Las palabras más sensatas sobre la segunda guerra de Gaza pueden haber sido las de un israelí que vive en un kibbutz cerca de la frontera con Gaza. «Si quieren defenderme… no envíen las Fuerzas Israelíes de Defensa para ‘vencer’», escribió Michal Vasser en Haaretz el 15 de noviembre. «Empiecen a pensar en el largo plazo y no sólo sobre las próximas elecciones. Intenten negociar hasta que salga humo blanco por la chimenea. Tiendan una mano al Presidente palestino Mahmoud Abbas. Cesen los ‘asesinatos con precisión milimétrica’ y miren también a los ojos a los civiles del otro bando».

Naturalmente, Israel tiene derecho a defenderse de los ataques con cohetes, pero la enseñanza que se desprende de los dos últimos decenios es la de que los ataques cesan y las intifadas no comienzan cuando existe una perspectiva de paz y que, cuando no la hay, la militancia palestina es incontenible.

Las posibilidades de una solución completa y sostenible con dos Estados que ahora se está negociando con la Autoridad Palestina (AP) de Mahmoud Abbas, radicada en la Cisjordania–y su aceptación, aunque a regañadientes, por Hamás de Gaza después de una votación popular– pueden ser escasas y estar reduciéndose, pero la única opción sustitutiva es un ciclo recurrente e inacabable de violencia mortal entre israelíes y palestinos.

La prioridad inmediata es la de calmar y estabilizar la situación en Gaza, pero, para que no haya más estallidos y aún peores, las autoridades israelíes deben hacerse algunas preguntas fundamentales, como también sus rancios partidarios en los Estados Unidos y en países como el mío.

¿Cómo se fomenta la paz, si la eliminación o disminución dramática de la capacidad de Hamás deja a Gaza en manos de grupos aún más militantes y brinda nuevos reclutamientos a los islamistas en toda la región?

¿Cómo se sirve a la seguridad nacional de Israel cuando, por su intervención en Gaza y la falta de ella en relación con Abbas, se pone en peligro sus tratados, ya antiguos, de paz con Egipto y Jordania, que tanto costó conseguir (pero ahora parecen muy frágiles en verdad tras la “primavera árabe”)?

¿Cómo se puede dejar a los dirigentes palestinos preferidos de Israel, Abbas y el Primer Ministro de la AP, Salam Fayyad, con capacidad creíble alguna para negociar, si no se pueden iniciar las conversaciones hasta que, como insiste Israel, retiren su mínima condición de una paralización de los asentamientos en los Territorios Ocupados?

Por mucho que Israel le quite importancia, la Iniciativa Árabe de Paz de 2002 sigue ofreciendo un acuerdo de importancia decisiva: normalización completa de las relaciones por parte del mundo árabe en su totalidad a cambio de un acuerdo amplio de paz. ¿Durante cuánto tiempo se puede mantener esa posición de la Liga Árabe, si las conversaciones sobre la paz no llegan a nada?

Otra gran pregunta para Israel es si puede aceptar las consecuencias de que desaparezca completamente del programa una solución con dos Estados.
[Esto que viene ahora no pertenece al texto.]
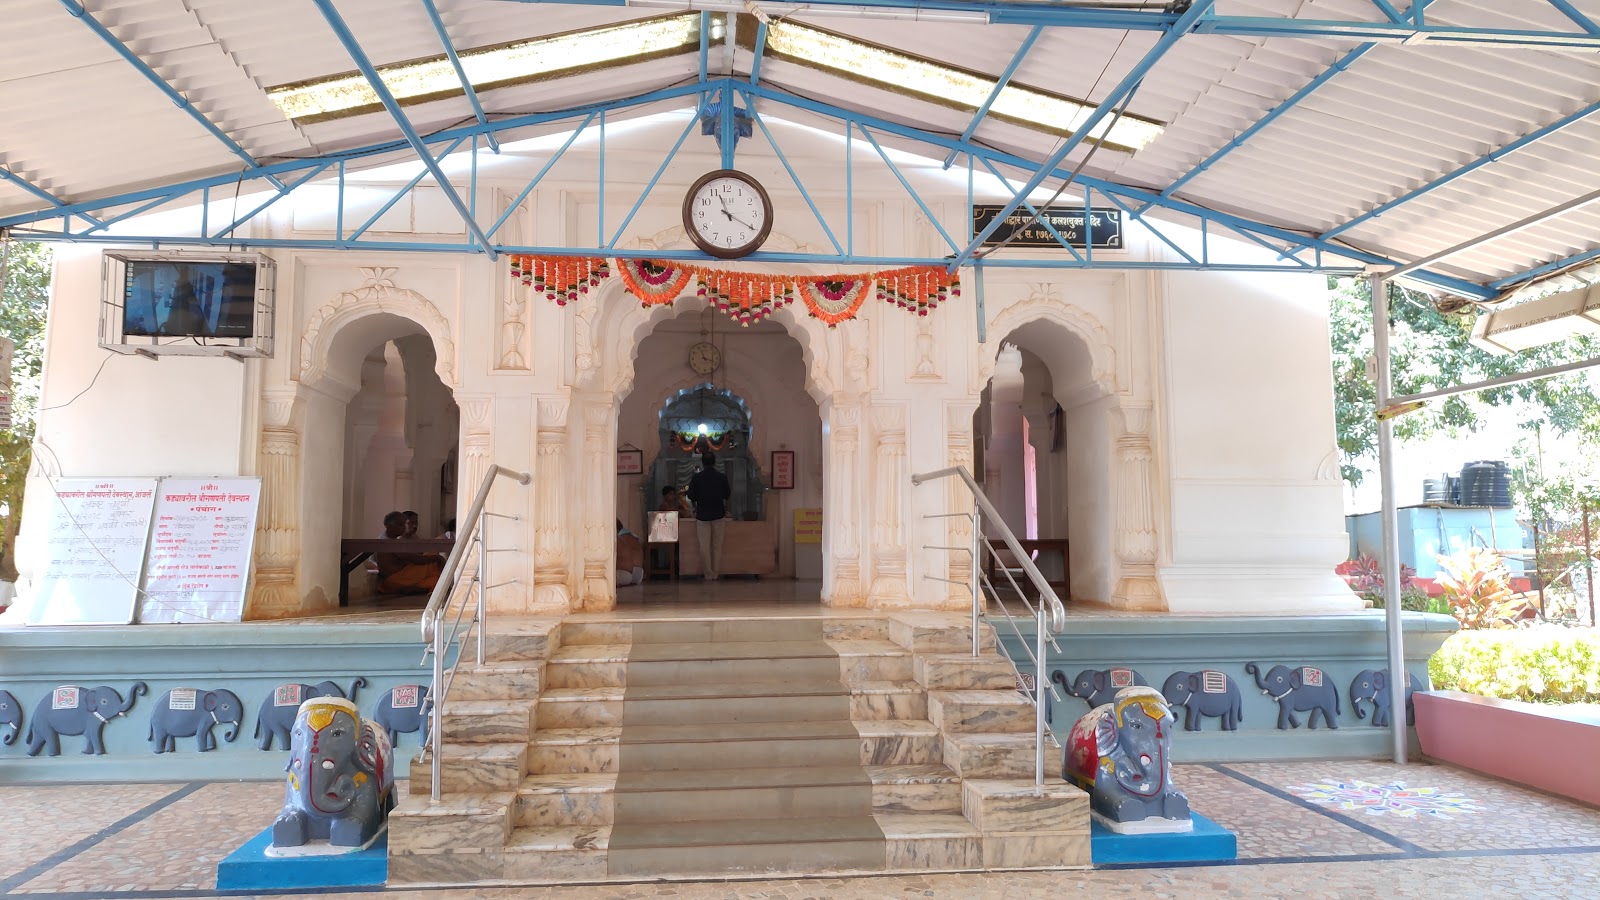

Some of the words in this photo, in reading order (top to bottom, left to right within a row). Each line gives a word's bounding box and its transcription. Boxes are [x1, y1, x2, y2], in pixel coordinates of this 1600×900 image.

Como advirtió el padre fundador David Ben Gurion, Israel puede ser un Estado judío, puede ser un Estado democrático y puede ser un Estado que ocupe todo el Israel histórico, pero no puede ser las tres cosas.

Según el CIA World Factbook, los judíos superan actualmente en número a los no judíos por 6,4 millones frente a 5,6 millones en la zona total de la Palestina histórica, pero, con un índice de natalidad muy inferior y una inmigración en disminución, sólo es cuestión de tiempo que los judíos sean una minoría.

Cuando Gaza sigue ardiendo, otra pregunta candente está esperando su oportunidad. ¿Qué se supone que Israel y sus partidarios pueden conseguir al oponer una resistencia encarnizada a la resolución de la Asamblea General de las Naciones Unidas que reconozca a Palestina como “Estado observador” no miembro (con un estatuto como el del Vaticano), que ahora parece que se presentará inevitablemente y una enorme mayoría internacional aprobará el 29 de noviembre o hacia esa fecha?

El texto del proyecto de resolución que ahora está circulando no contiene lenguaje ofensivo. Dice claramente que la adhesión plena a las Naciones Unidas sigue por determinar y que todas las cuestiones relativas al estatuto final, como fronteras, refugiados, Jerusalén y la seguridad están por negociar. Cierto es que la aprobación de esa resolución podría brindar a Palestina cierta facultad –de la que ahora carece– para presentar demandas ante el Tribunal Penal Internacional de La Haya por supuestas violaciones del derecho internacional, pero el TPI no es un tribunal irresponsable y es de esperar que las alegaciones insubstanciales no sean atendidas. La estatalidad palestina ha sido siempre un requisito indispensable de las propias paz y seguridad de Israel a largo plazo e interesa abrumadoramente a este país desactivar –en lugar de inflamar aún más– esa cuestión, cosa que ha pasado a ser más urgente que nunca en vista de las nuevas realidades de poder en la región.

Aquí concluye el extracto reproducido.